Professor Marston & the Wonder Women uses a clunky wrap-around structure to anchor the storyline. In it, Marston (Luke Evans) defends his vision of Wonder Woman to children’s book expert Josette Frank (Connie Britton) during a 1945 interview. Frank, concerned that some of the themes and images in Wonder Woman may be inappropriate for young viewers, grills Marston, who regales her with his philosophy. This results in a narrative presented in flashbacks that start as far back as 1928 and come up to the movie’s present-day. Aside from providing Marston an opportunity to employ voiceover narration, there’s little point in doing things this way.
When we first meet Professor Marston, he’s teaching a psychology class at Tufts University while working on a primitive version of the lie detector. His wife, Elizabeth (Rebecca Hall), is his assistant. He preaches a so-called DISC (Dominance, Inducement, Submission, Compliance) theory. A student, Olive Byrne (Bella Heathcote), is captivated by the husband-and-wife couple and applies for a teaching assistant position. After she is accepted, Elizabeth warns her away from her husband but an attraction develops among the three and they begin a polyamorous relationship. Once word of this leaks out, it results in a scandal and the already-complicated situation is compounded when Olive announces her pregnancy. The resulting dynamic, which might be right out of the TV series Big Love (with a dash of lesbianism thrown in for good measure), leads to Marston’s development of Wonder Woman, whom he bases on both of the females in his life, Elizabeth (with her fiery disposition and combative attitude) and Olive (with her quiet determination and physical beauty).

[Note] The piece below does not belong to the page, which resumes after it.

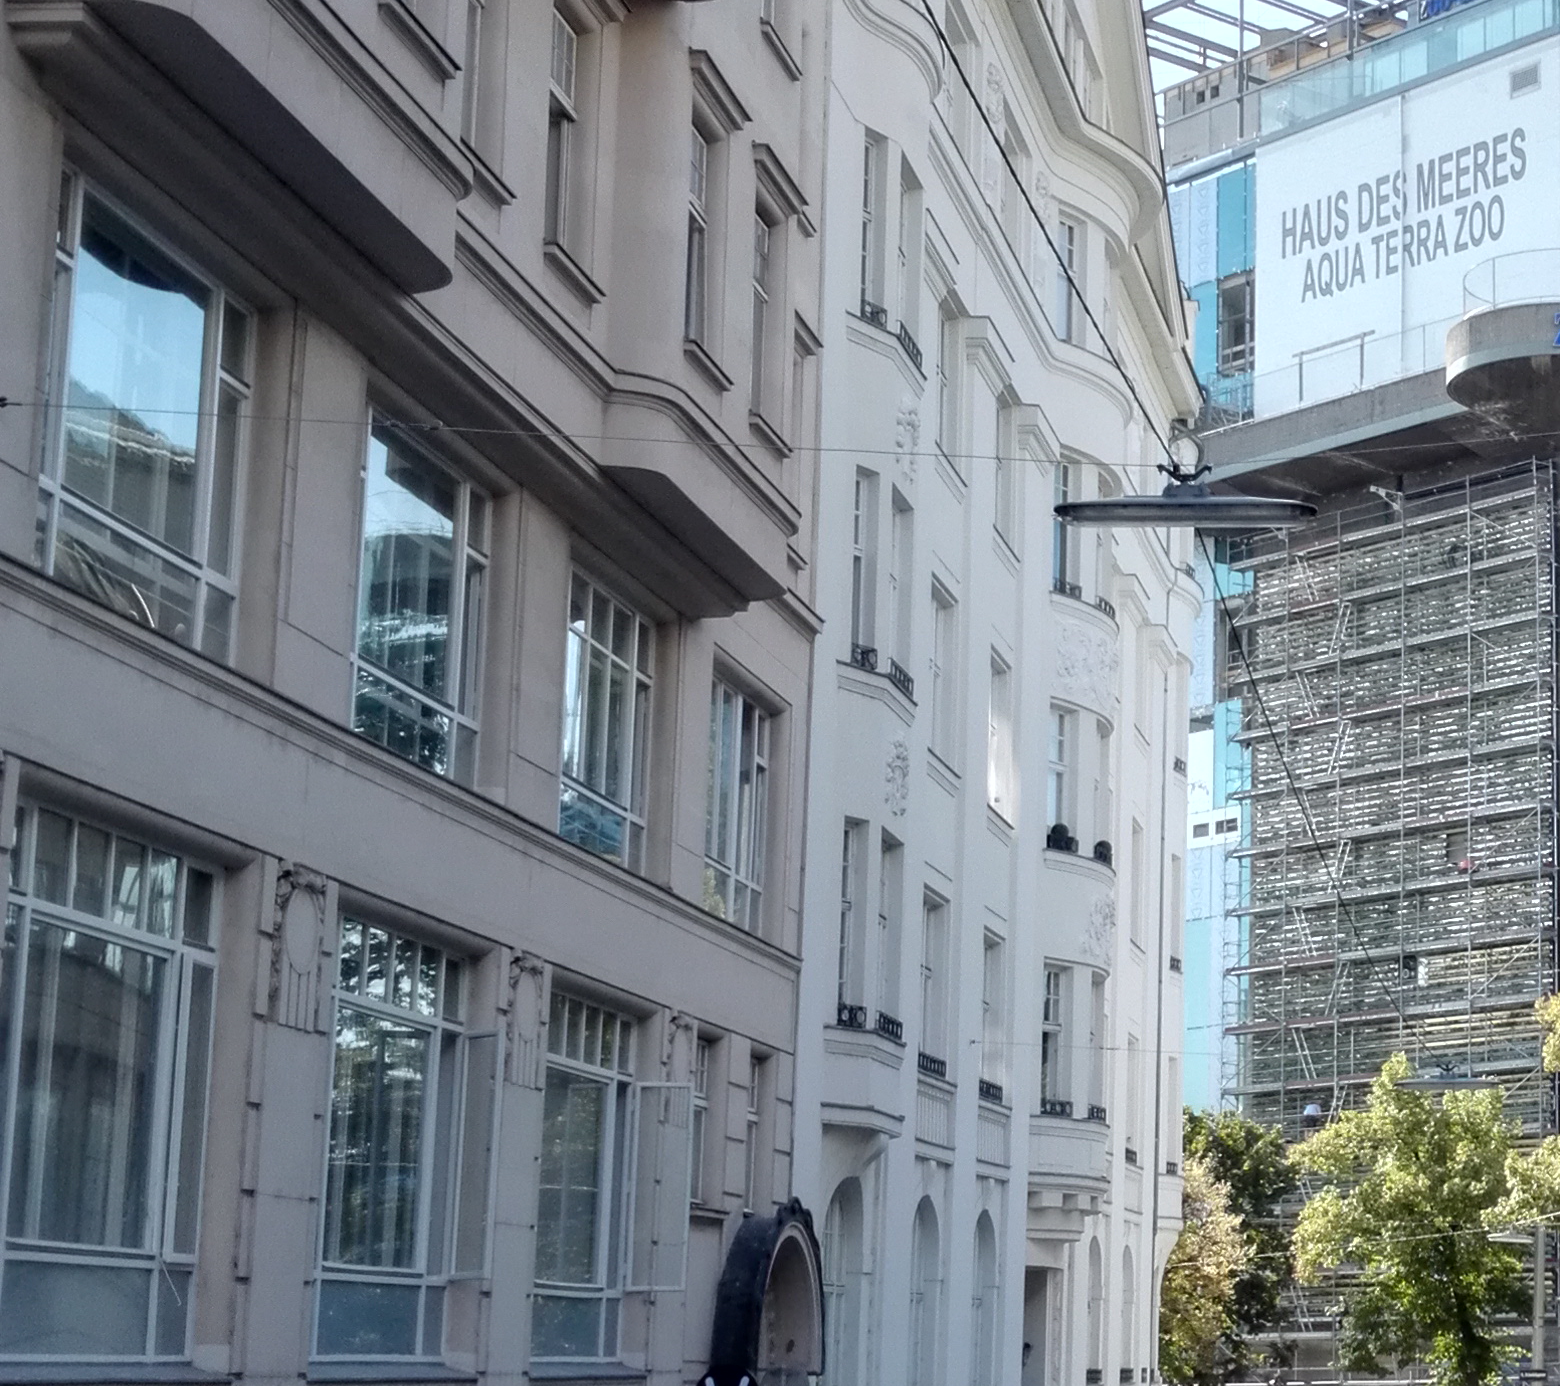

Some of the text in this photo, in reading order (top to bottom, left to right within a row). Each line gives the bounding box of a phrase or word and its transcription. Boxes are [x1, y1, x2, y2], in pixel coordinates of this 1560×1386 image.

At times, the movie seems conflicted. There are long passages in which Marston explains his psychological theories; in these scenes, the film wants to make a statement about feminism and its relationship to sexual expression and equality. But there are other instances when there’s a titillating, playful quality that borders on exploitation cinema — hey, these two women and one man are having sex together, so let’s show a little… I hasten to add that’s not a bad thing — it creates an erotic dynamic — but it’s an odd fit for the more erudite aspects. The film gets pretty deep into the BDSM stuff, at times seeming a little like a more substantive, less explicit Fifty Shades of Grey. (It’s worth noting that Robinson was a writer and director for True Blood and The L Word.)

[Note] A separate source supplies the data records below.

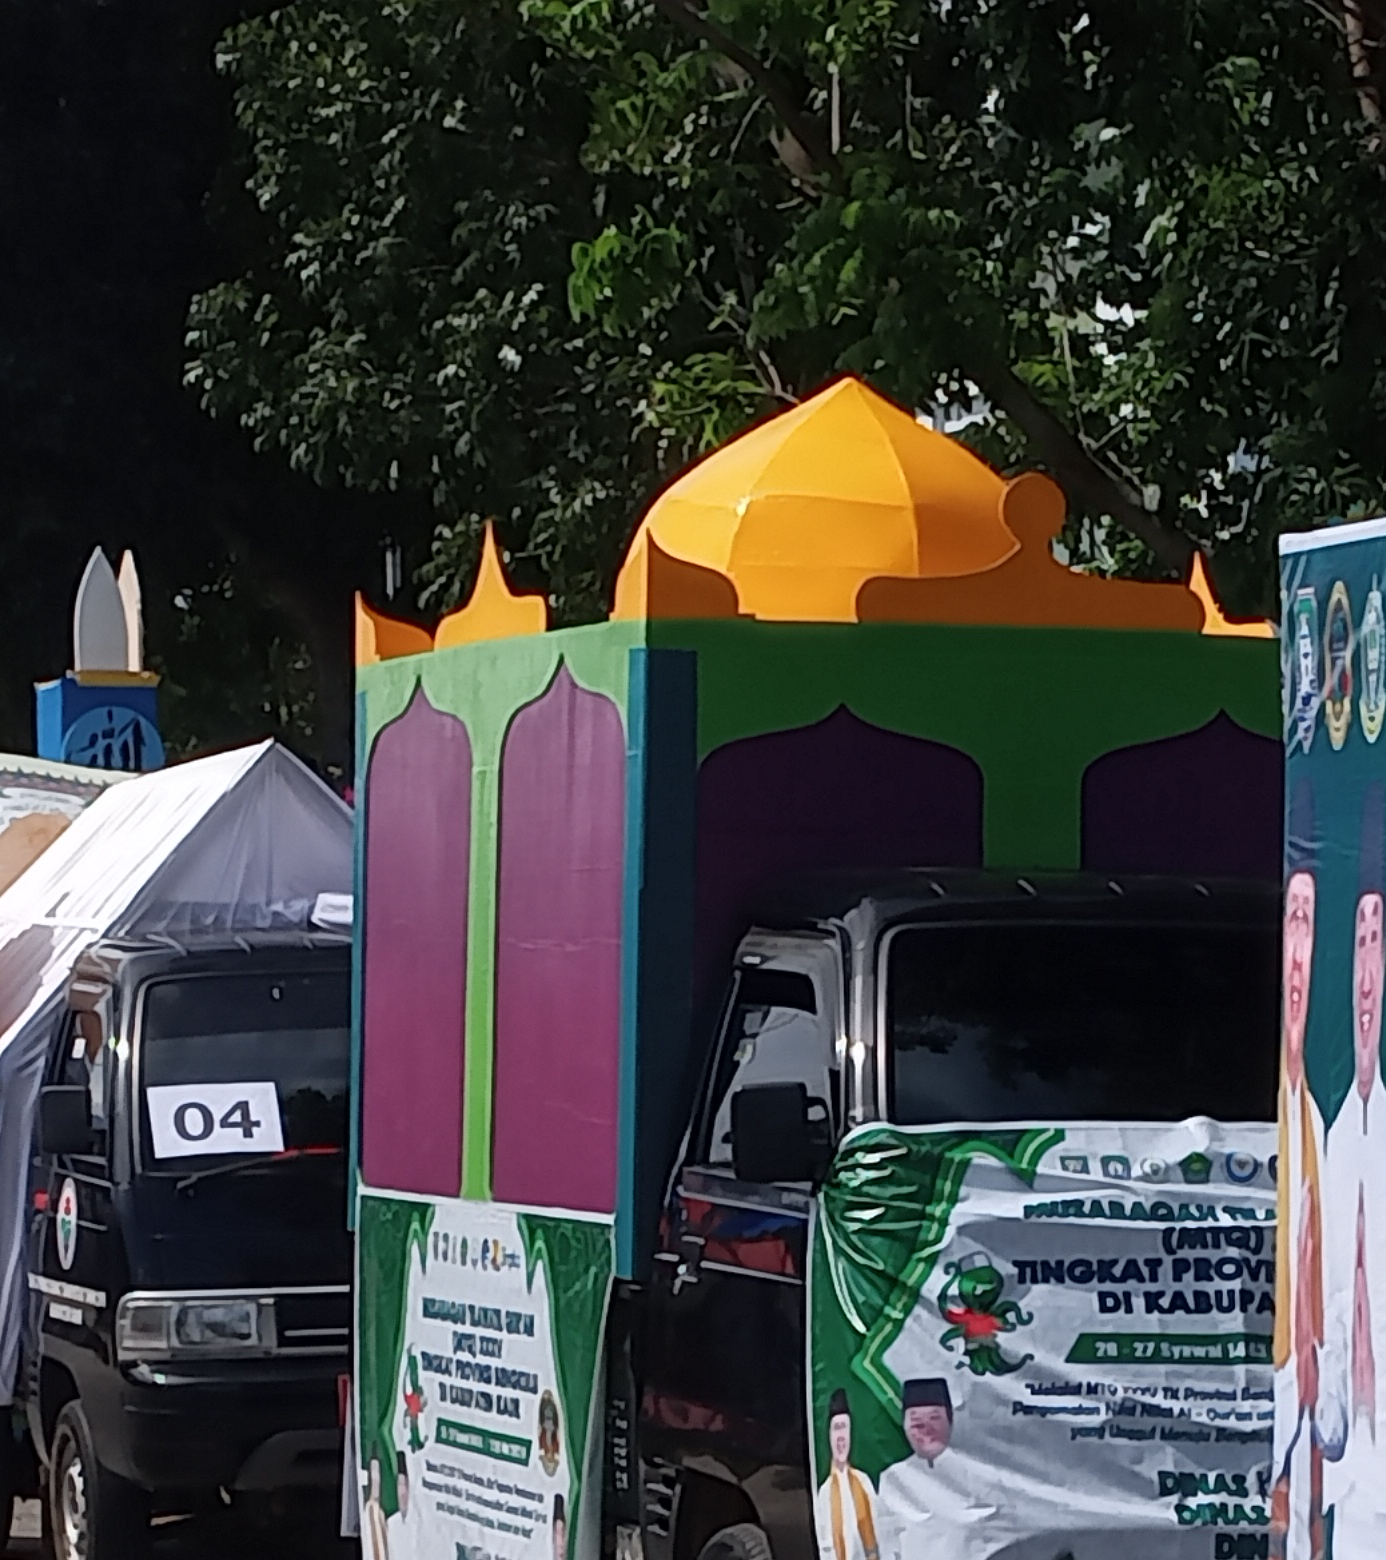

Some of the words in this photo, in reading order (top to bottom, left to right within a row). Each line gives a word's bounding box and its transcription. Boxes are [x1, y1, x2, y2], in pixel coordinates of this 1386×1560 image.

[174, 1100, 261, 1141] 04
[1163, 1226, 1264, 1255] (MTQ)
[1013, 1257, 1163, 1285] TINGKAT
[1097, 1290, 1133, 1315] DI
[1157, 1470, 1249, 1498] DINAS
[1174, 1502, 1272, 1525] DINAS
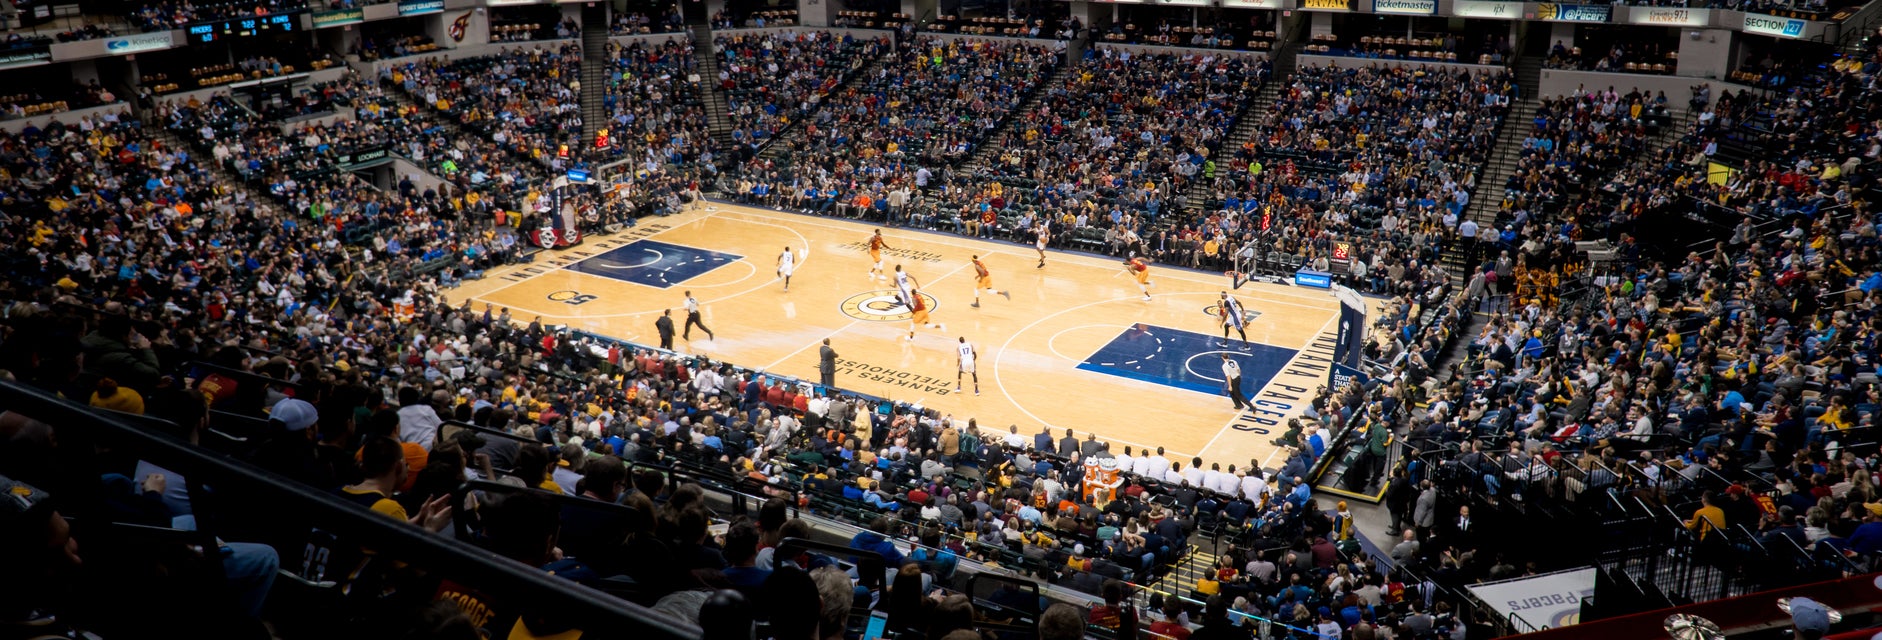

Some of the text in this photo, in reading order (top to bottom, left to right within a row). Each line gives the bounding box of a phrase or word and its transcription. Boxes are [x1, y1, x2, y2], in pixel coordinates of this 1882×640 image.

Although Professor Marston & the Wonder Women is historically accurate in a broad sense, it takes a lot of liberty with the details. For example, we know that Olive’s sons and Elizabeth’s children were all fathered by William and that Olive and Elizabeth lived together before and after William’s 1947 death, but nothing definitive is on record about the nature of their relationship. Were they sister-wives who enjoyed separate sexual relationships with William or were they lovers? The film takes the latter view but it’s a speculative perspective. On the other hand, the overview of DISC theory and Marston’s philosophy about Wonder Women are true to the facts.
Hall gives a standout performance — something so good that it should have been remembered more than it was when the end-of-the-year citations were issued. Her Elizabeth is a force of nature — untamed, conflicted, and compulsively watchable. Heathcote has a more refrained character but her portrayal is no less effective. Unfortunately, Evans proves to be the weak link. Possibly miscast, the actor, who is best known for playing over-the-top villains in Beauty and the Beast (Gaston) and the Fast and the Furious series, is a poor fit for Marston. In trying to mute his screen presence to fit a restrained character, Evans ends up fading into the background and proves unable to hold his own in scenes with Hall and Heathcote.
Overall, I enjoyed Professor Marston & the Wonder Women for its prurient and intellectual elements. It’s a fun film that breezes by and, despite any liberties it takes with history, offers a valuable look at Wonder Woman’s real origin story. For adults with curiosity, this makes for an offbeat companion piece to the big-budget blockbuster.